Recorded data:
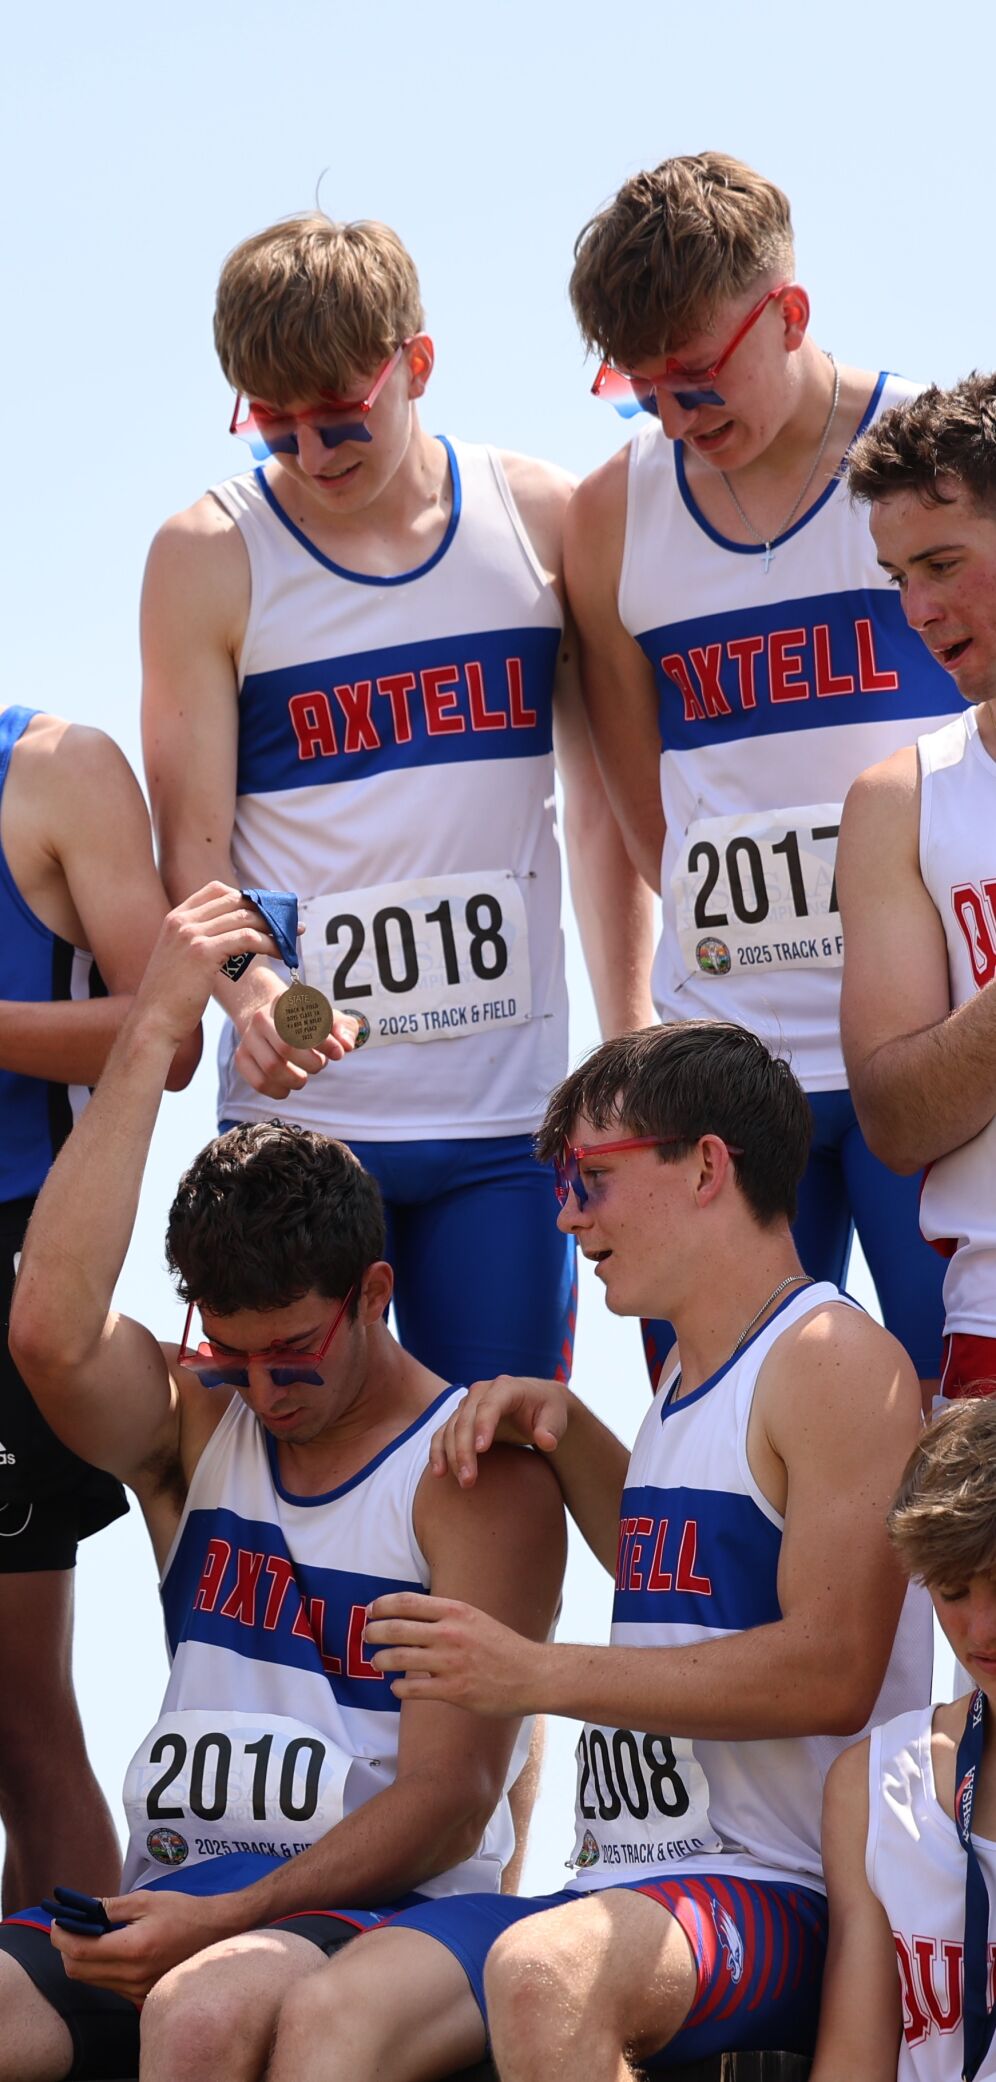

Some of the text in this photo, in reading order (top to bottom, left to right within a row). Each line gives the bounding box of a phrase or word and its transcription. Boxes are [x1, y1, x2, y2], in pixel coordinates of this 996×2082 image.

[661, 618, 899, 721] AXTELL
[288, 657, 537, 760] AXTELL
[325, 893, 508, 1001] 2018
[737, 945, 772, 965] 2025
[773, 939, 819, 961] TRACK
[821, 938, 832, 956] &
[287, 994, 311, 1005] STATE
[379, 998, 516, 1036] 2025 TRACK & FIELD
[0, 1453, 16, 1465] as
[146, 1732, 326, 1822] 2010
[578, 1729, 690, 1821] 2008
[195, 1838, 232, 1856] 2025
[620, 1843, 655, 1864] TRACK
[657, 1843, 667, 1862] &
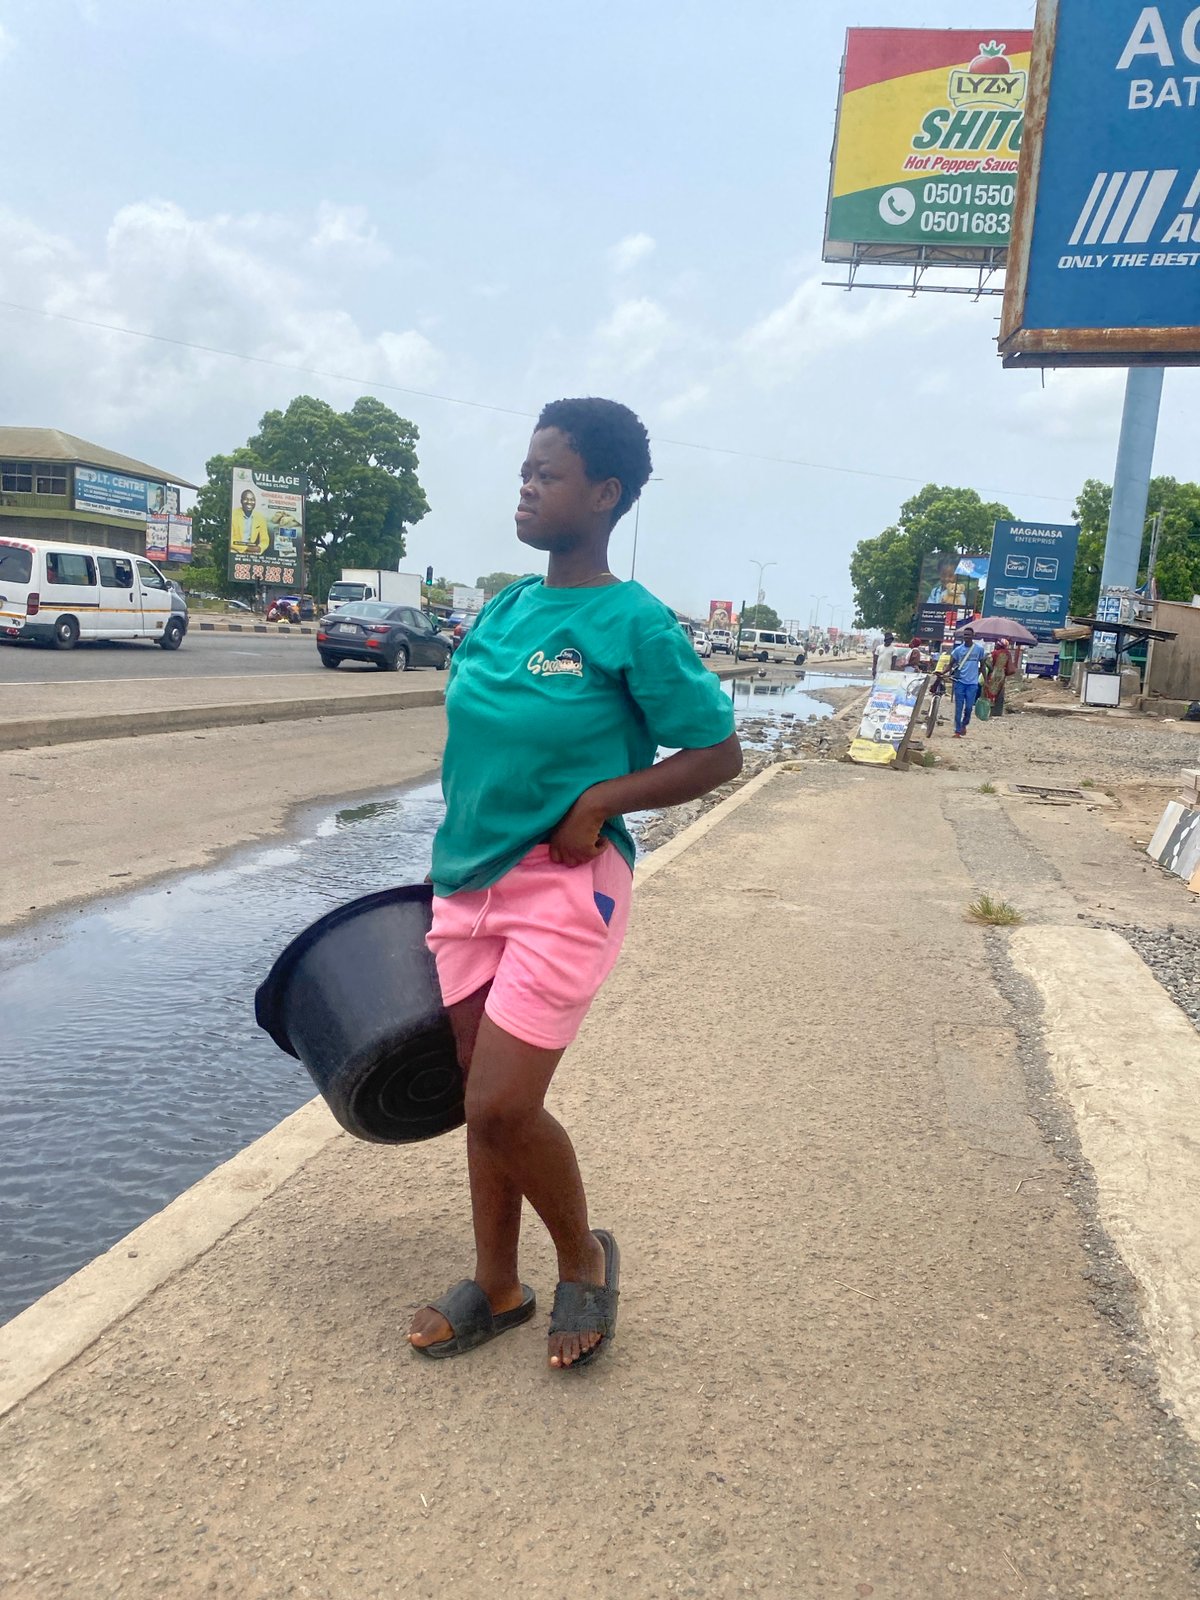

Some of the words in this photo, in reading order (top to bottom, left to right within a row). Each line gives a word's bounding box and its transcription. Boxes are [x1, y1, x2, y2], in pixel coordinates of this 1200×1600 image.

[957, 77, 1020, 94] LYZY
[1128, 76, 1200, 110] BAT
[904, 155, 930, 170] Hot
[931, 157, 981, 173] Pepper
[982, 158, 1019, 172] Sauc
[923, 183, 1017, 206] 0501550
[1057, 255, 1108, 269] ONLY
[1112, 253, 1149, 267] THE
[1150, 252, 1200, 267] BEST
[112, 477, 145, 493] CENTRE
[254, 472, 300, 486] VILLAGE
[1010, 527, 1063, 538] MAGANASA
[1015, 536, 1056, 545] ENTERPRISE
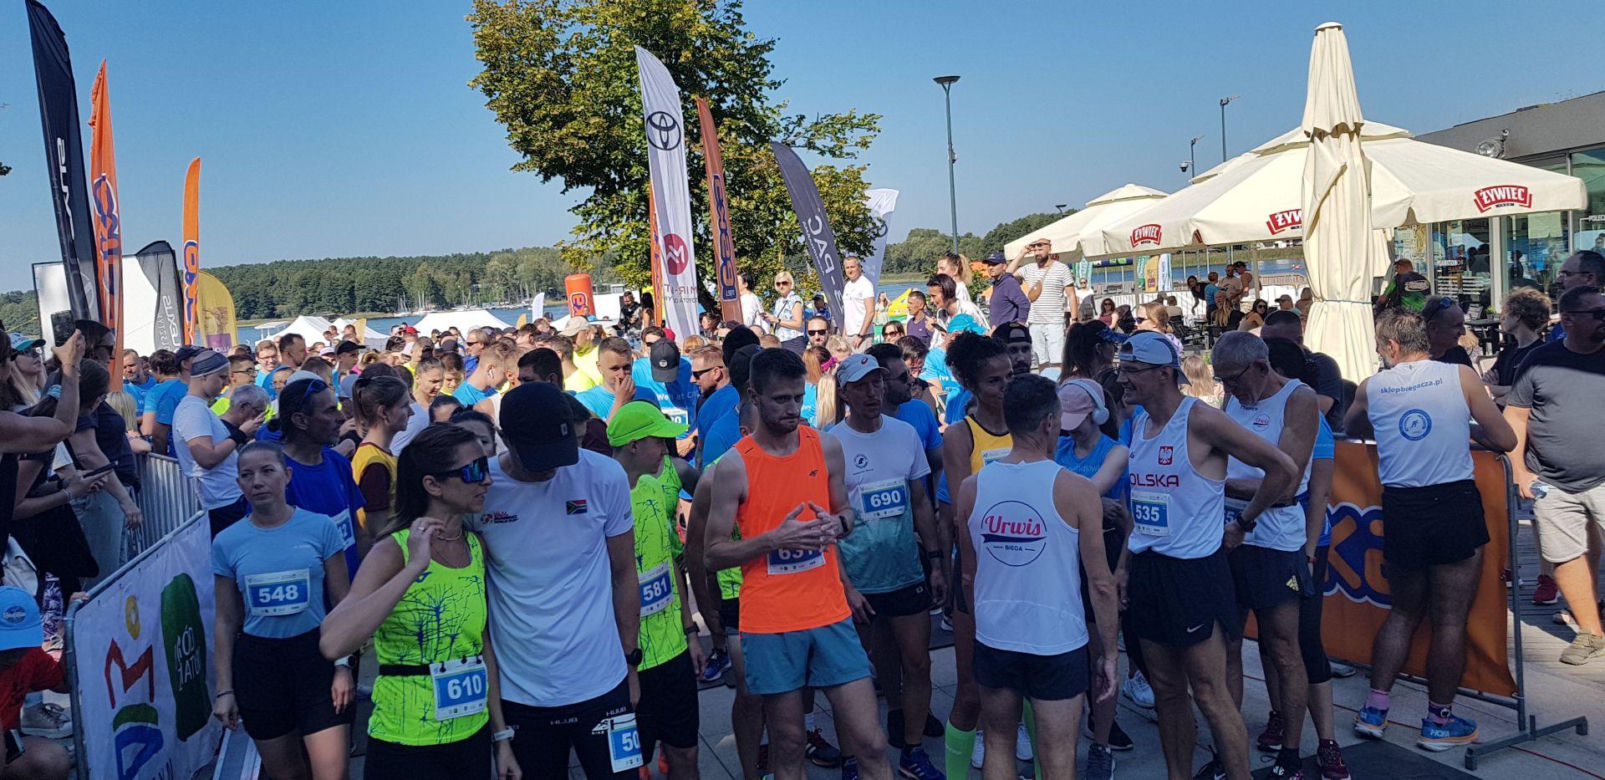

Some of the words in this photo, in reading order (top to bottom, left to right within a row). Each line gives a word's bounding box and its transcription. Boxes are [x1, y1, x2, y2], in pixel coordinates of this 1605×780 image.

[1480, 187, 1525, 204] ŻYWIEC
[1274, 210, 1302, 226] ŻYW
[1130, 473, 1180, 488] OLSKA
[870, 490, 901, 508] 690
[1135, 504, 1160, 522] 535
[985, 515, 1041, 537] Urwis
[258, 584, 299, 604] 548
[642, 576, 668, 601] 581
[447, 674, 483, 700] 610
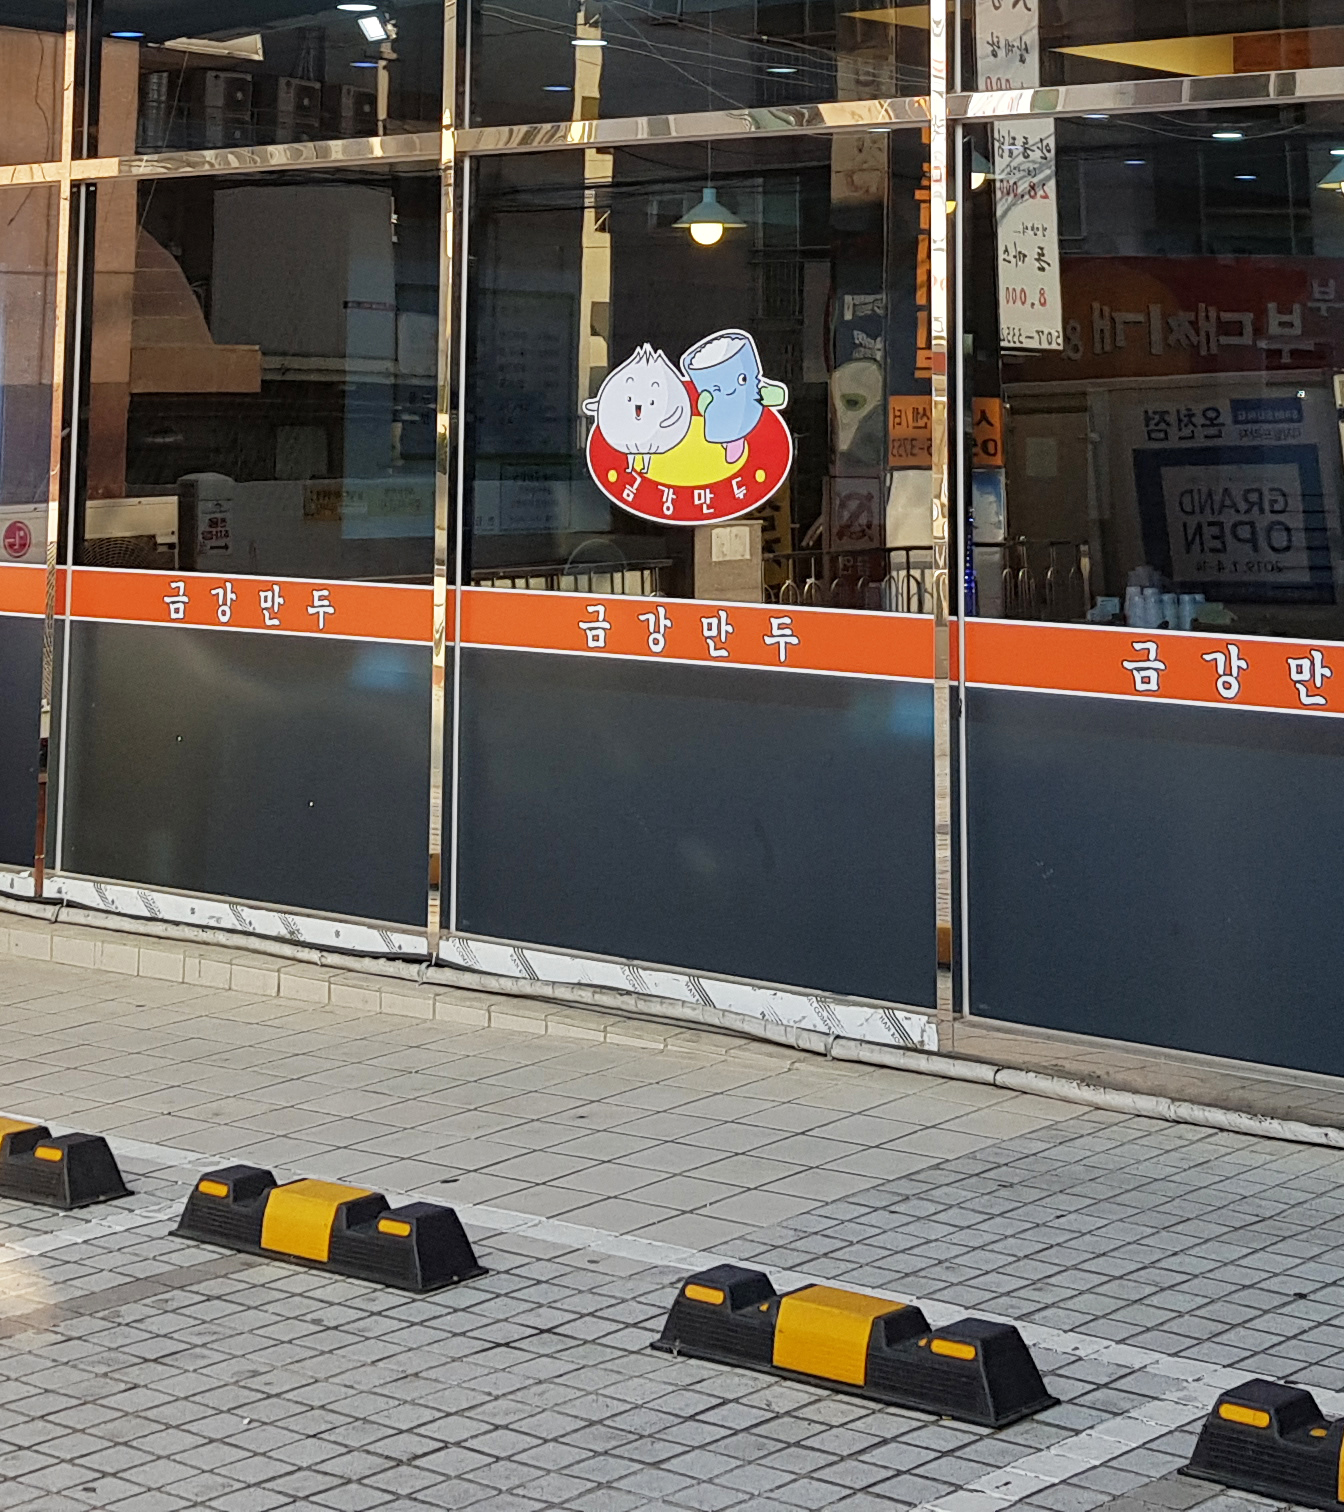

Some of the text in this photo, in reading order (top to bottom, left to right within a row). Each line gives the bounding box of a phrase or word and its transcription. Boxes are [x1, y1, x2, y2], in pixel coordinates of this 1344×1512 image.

Exercise description:
Please return the full listing exactly as given, with the images left out.

The answer:
Some of the text in this photo, in reading order (top to bottom, left to right within a row). Each line gives the bounding box of a phrase or word and its transcription. Boxes are [x1, y1, x2, y2], in pixel coordinates of this 996×2082 image.

[661, 618, 899, 721] AXTELL
[288, 657, 537, 760] AXTELL
[325, 893, 508, 1001] 2018
[737, 945, 772, 965] 2025
[773, 939, 819, 961] TRACK
[821, 938, 832, 956] &
[287, 994, 311, 1005] STATE
[379, 998, 516, 1036] 2025 TRACK & FIELD
[0, 1453, 16, 1465] as
[146, 1732, 326, 1822] 2010
[578, 1729, 690, 1821] 2008
[195, 1838, 232, 1856] 2025
[620, 1843, 655, 1864] TRACK
[657, 1843, 667, 1862] &

Some of the words in this photo, in reading order (top to bottom, left to right within a row). Each line gives a word's bounding box and its transcription. Boxes are [x1, y1, x2, y2], in pixel coordinates of this 1200×1600 image.

[957, 77, 1020, 94] LYZY
[1128, 76, 1200, 110] BAT
[904, 155, 930, 170] Hot
[931, 157, 981, 173] Pepper
[982, 158, 1019, 172] Sauc
[923, 183, 1017, 206] 0501550
[1057, 255, 1108, 269] ONLY
[1112, 253, 1149, 267] THE
[1150, 252, 1200, 267] BEST
[112, 477, 145, 493] CENTRE
[254, 472, 300, 486] VILLAGE
[1010, 527, 1063, 538] MAGANASA
[1015, 536, 1056, 545] ENTERPRISE

Some of the words in this photo, in reading order (top to bottom, left to right within a row). Each line gives a word's bounding box and its transcription. Boxes are [x1, y1, x2, y2], in pixel coordinates of this 1605×780 image.

[1480, 187, 1525, 204] ŻYWIEC
[1274, 210, 1302, 226] ŻYW
[1130, 473, 1180, 488] OLSKA
[870, 490, 901, 508] 690
[1135, 504, 1160, 522] 535
[985, 515, 1041, 537] Urwis
[258, 584, 299, 604] 548
[642, 576, 668, 601] 581
[447, 674, 483, 700] 610

Some of the text in this photo, in reading order (top to bottom, left to right within a row). Each line gives the bounding box of a phrase or word and its transcription. Boxes are [x1, y1, x2, y2], in pixel coordinates of this 1344×1512 image.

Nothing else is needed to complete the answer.